Inflammatory bowel disease (IBD), encompassing Crohn's disease (CD) and ulcerative colitis (UC), is characterized by chronic gastrointestinal inflammation, leading to unpredictable flares and substantial morbidity. Gastrointestinal polymerase chain reaction (GI-PCR) testing has emerged as a widely used diagnostic tool to identify enteric pathogens during IBD exacerbations. It is a novel, quick and sensitive diagnostic test to detect Clostridioides difficile infection (CDI), as well as other enteric pathogens. However, the clinical significance of non-C. difficile pathogens detected by GI-PCR remains uncertain, raising concerns about the over-interpretation of positive results and the potential for unnecessary antimicrobial therapy. While traditional stool culture and microscopy offered limited sensitivity, GI-PCR has dramatically improved pathogen detection rates, identifying infections in up to 26% of IBD patients compared to 5% with conventional methods.
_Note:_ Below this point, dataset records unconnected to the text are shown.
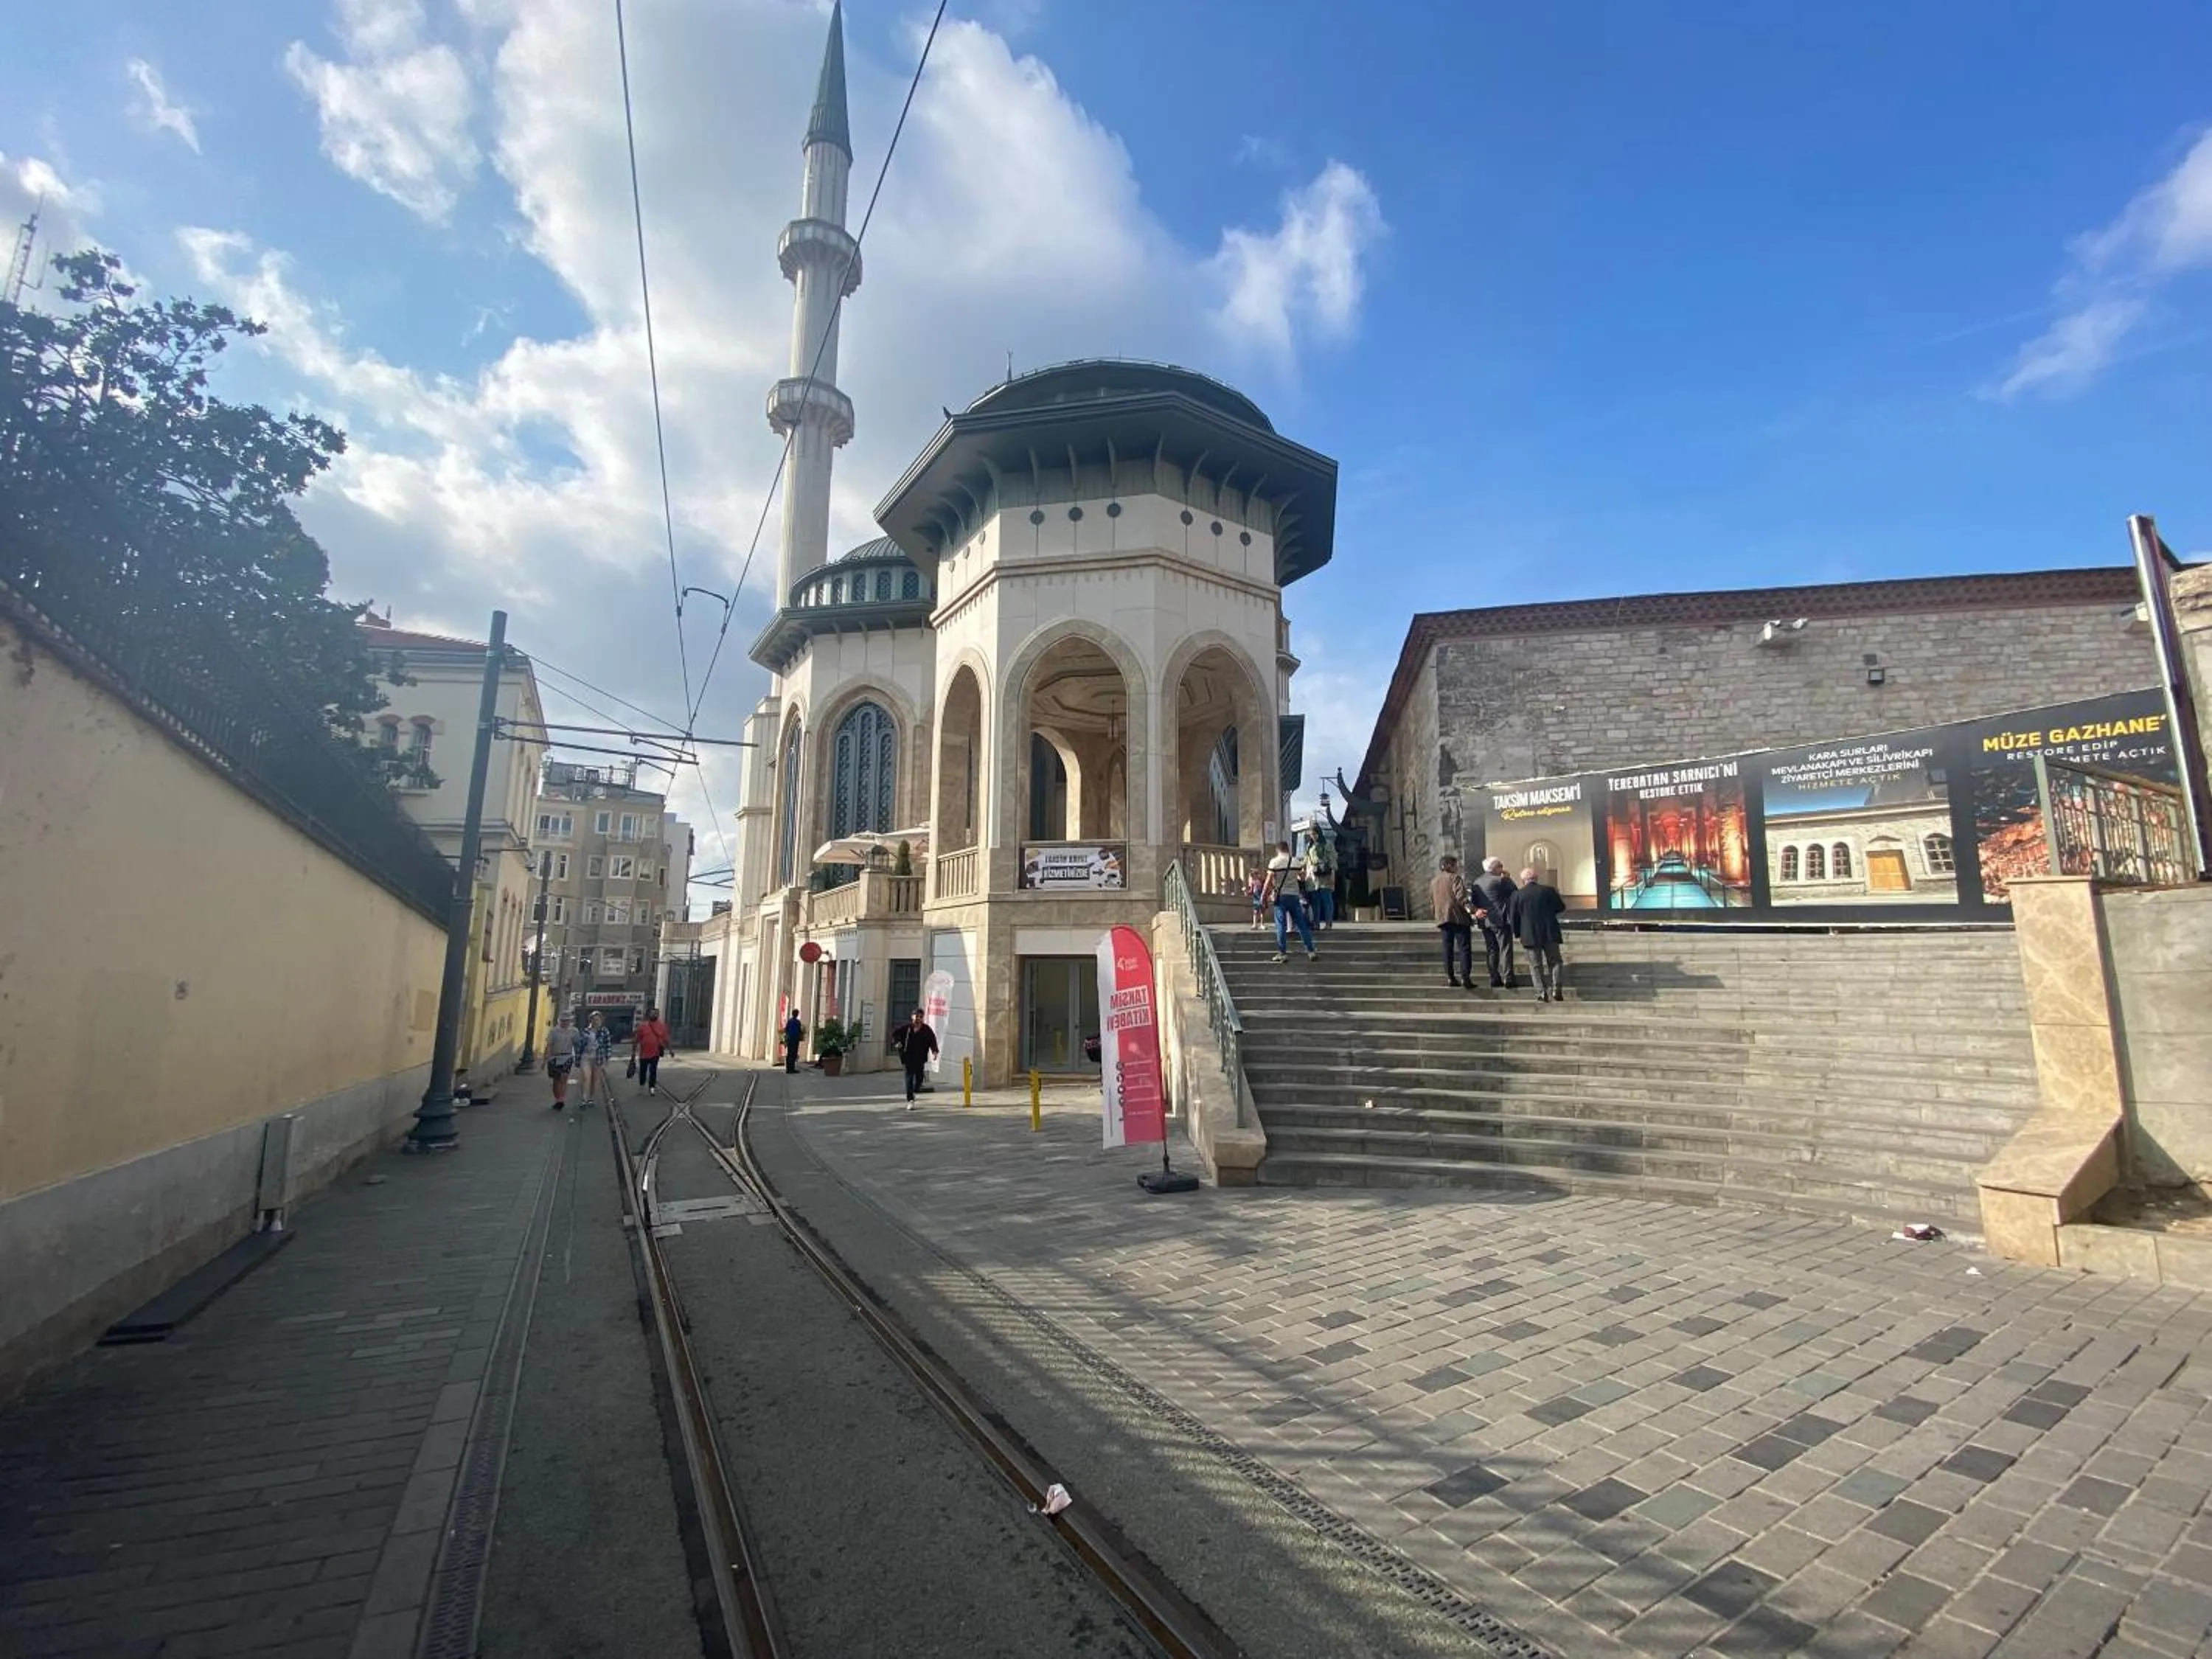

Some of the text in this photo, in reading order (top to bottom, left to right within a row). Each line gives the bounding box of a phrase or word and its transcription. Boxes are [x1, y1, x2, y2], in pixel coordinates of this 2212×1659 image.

[1982, 731, 2041, 752] MÜZE
[1809, 743, 1888, 762] KARA SURLARI
[2006, 745, 2076, 761] RESTORE
[1771, 759, 1847, 776] MEVLANAKAPI
[1848, 757, 1864, 766] VE
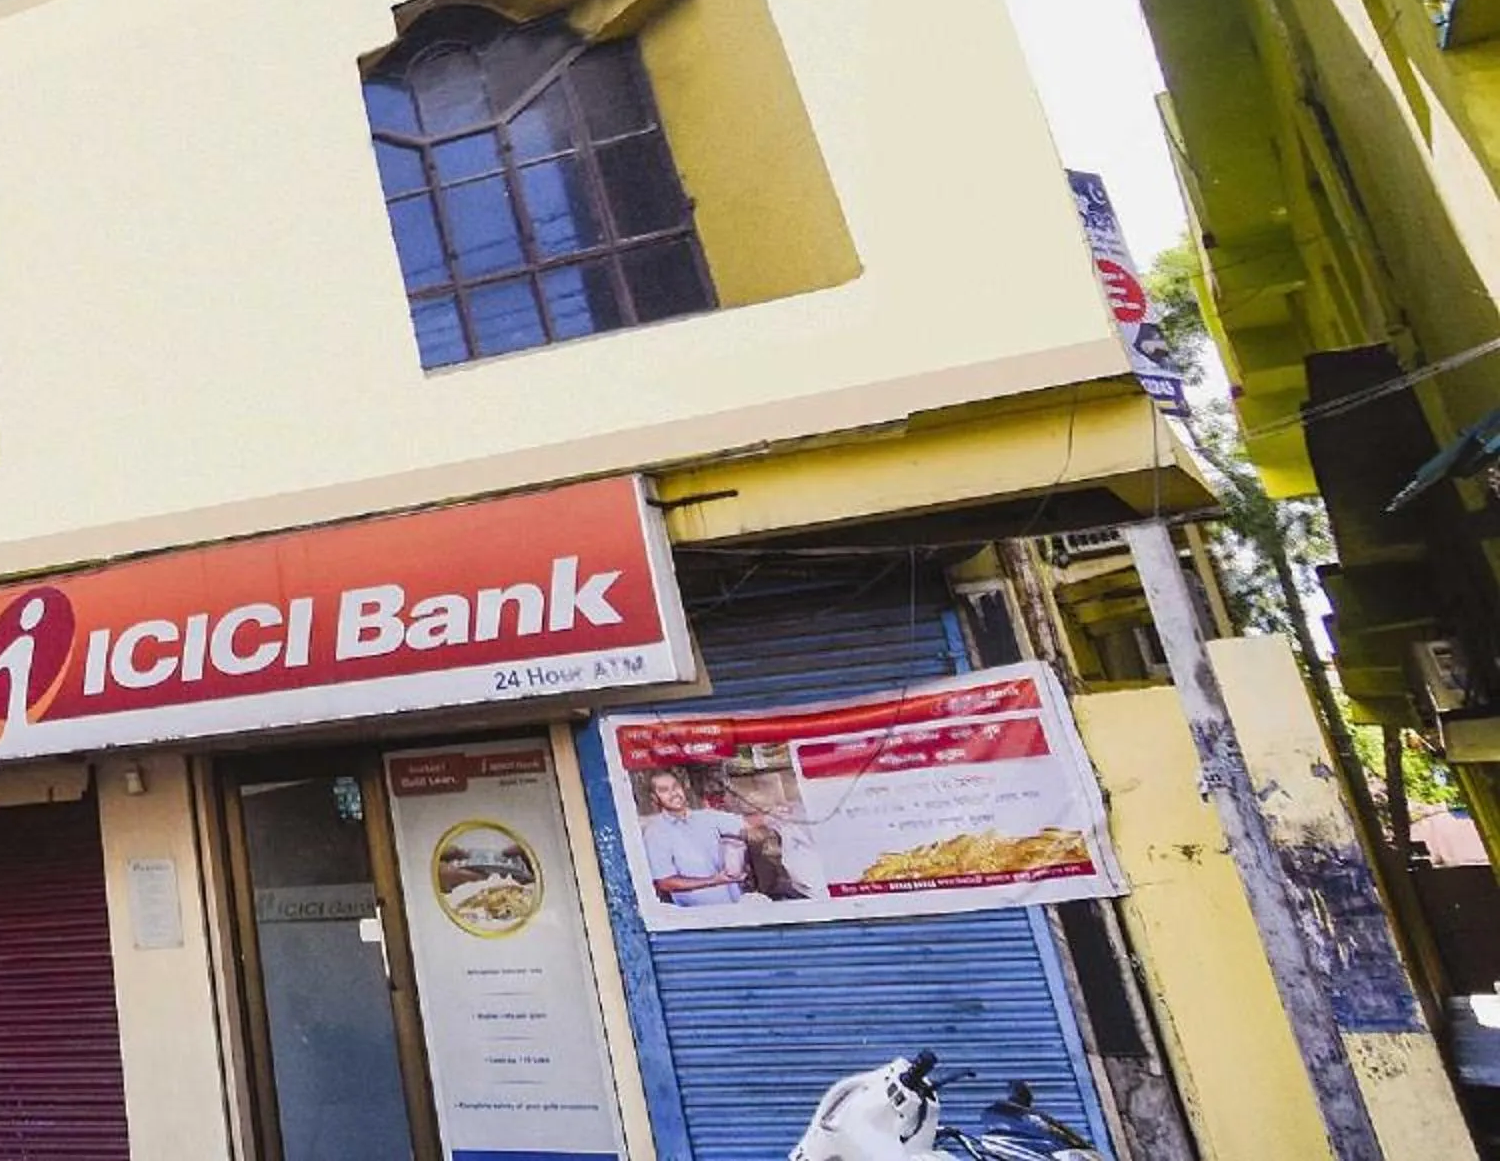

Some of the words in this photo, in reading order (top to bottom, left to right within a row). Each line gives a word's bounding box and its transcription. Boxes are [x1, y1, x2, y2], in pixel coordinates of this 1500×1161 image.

[81, 597, 315, 696] ICICI
[335, 555, 624, 660] Bank
[493, 670, 521, 690] 24
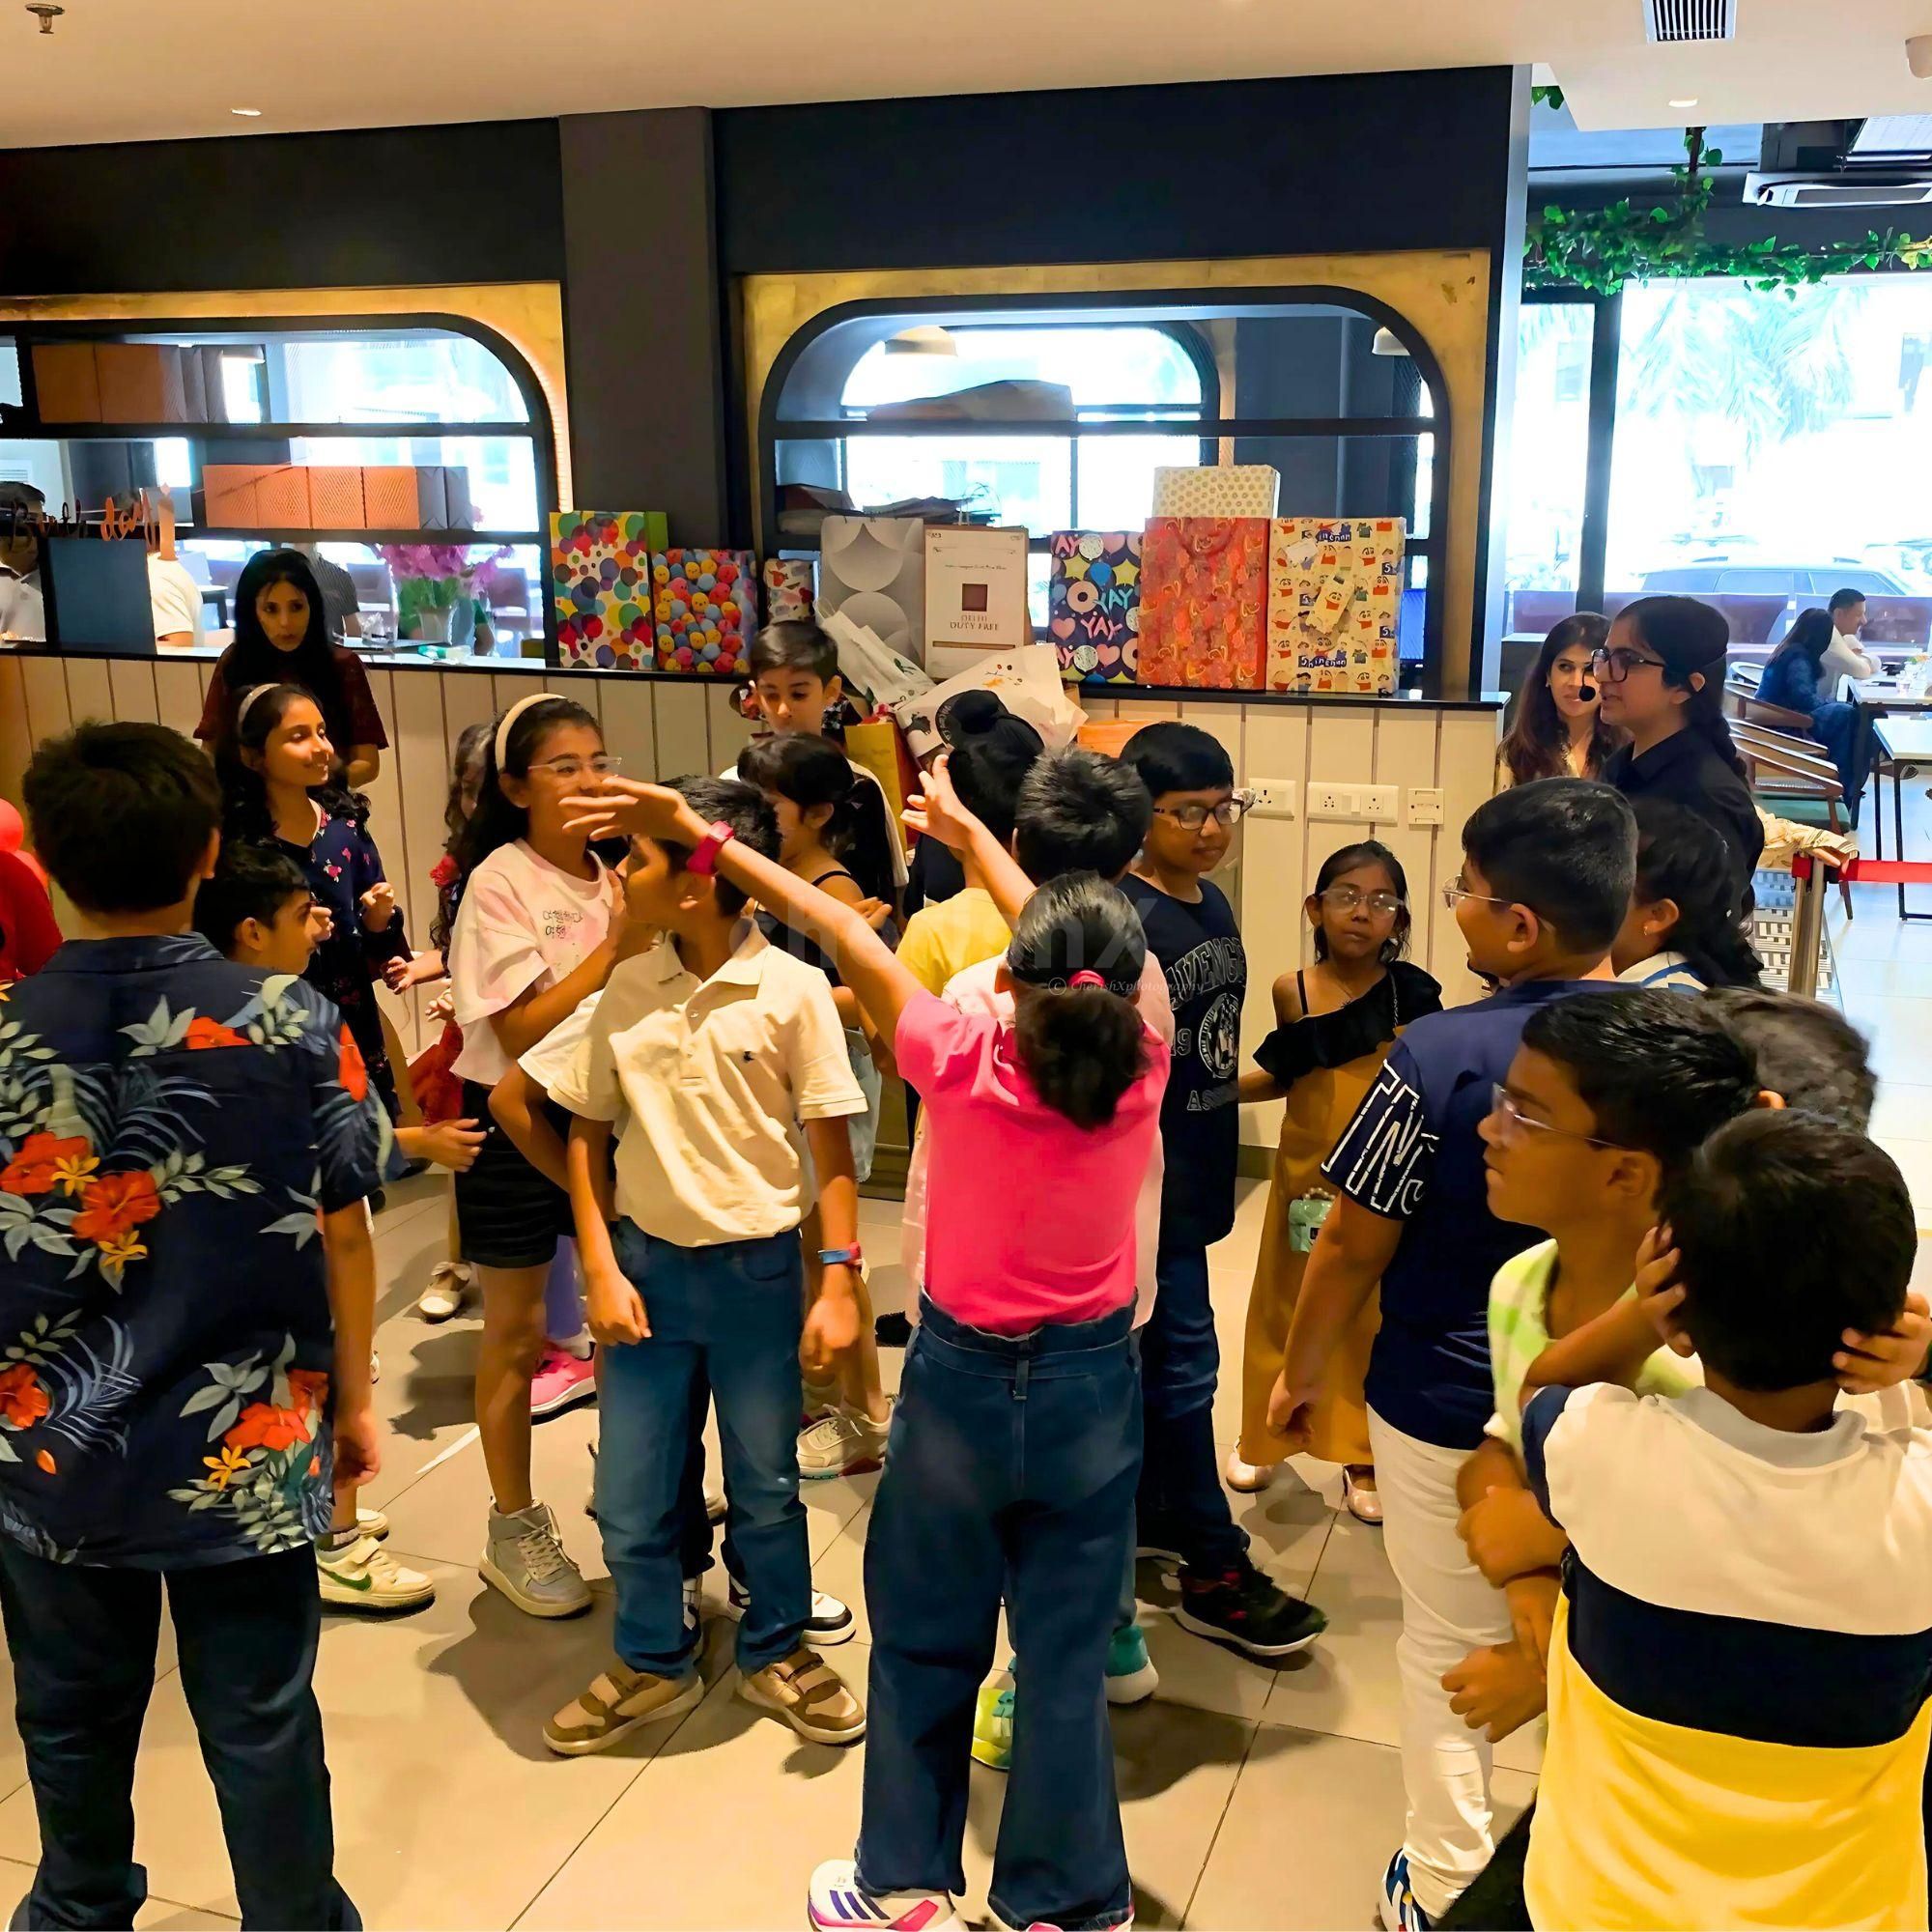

Beyond C. difficile, pathogens such as Escherichia coli (especially adherent-invasive strains), Campylobacter, Salmonella, Norovirus and Yersinia enterocolitica are frequently detected in IBD flares. However, whether these microbes actively drive disease exacerbations or merely reflect inflammation-associated dysbiosis remains unclear. Enterobacteriaceae, in particular, bloom in inflamed intestines, raising critical questions regarding their pathogenic role vs. colonization. The high sensitivity of GI-PCR further complicates clinical decision-making, as distinguishing active infection from harmless microbial presence is challenging. This review explores the current literature on GI-PCR in IBD, emphasizing its benefits and limitations. While GI-PCR provides rapid, comprehensive pathogen detection, its indiscriminate application may lead to unnecessary antibiotic use and therapeutic missteps. Understanding the ecological shifts in IBD-associated dysbiosis and refining clinical interpretation of GI-PCR results are essential to optimizing patient management. Future research should aim to delineate the pathogenic significance of non-C. difficile microbes and establish evidence-based protocols for the appropriate use of GI-PCR in IBD care.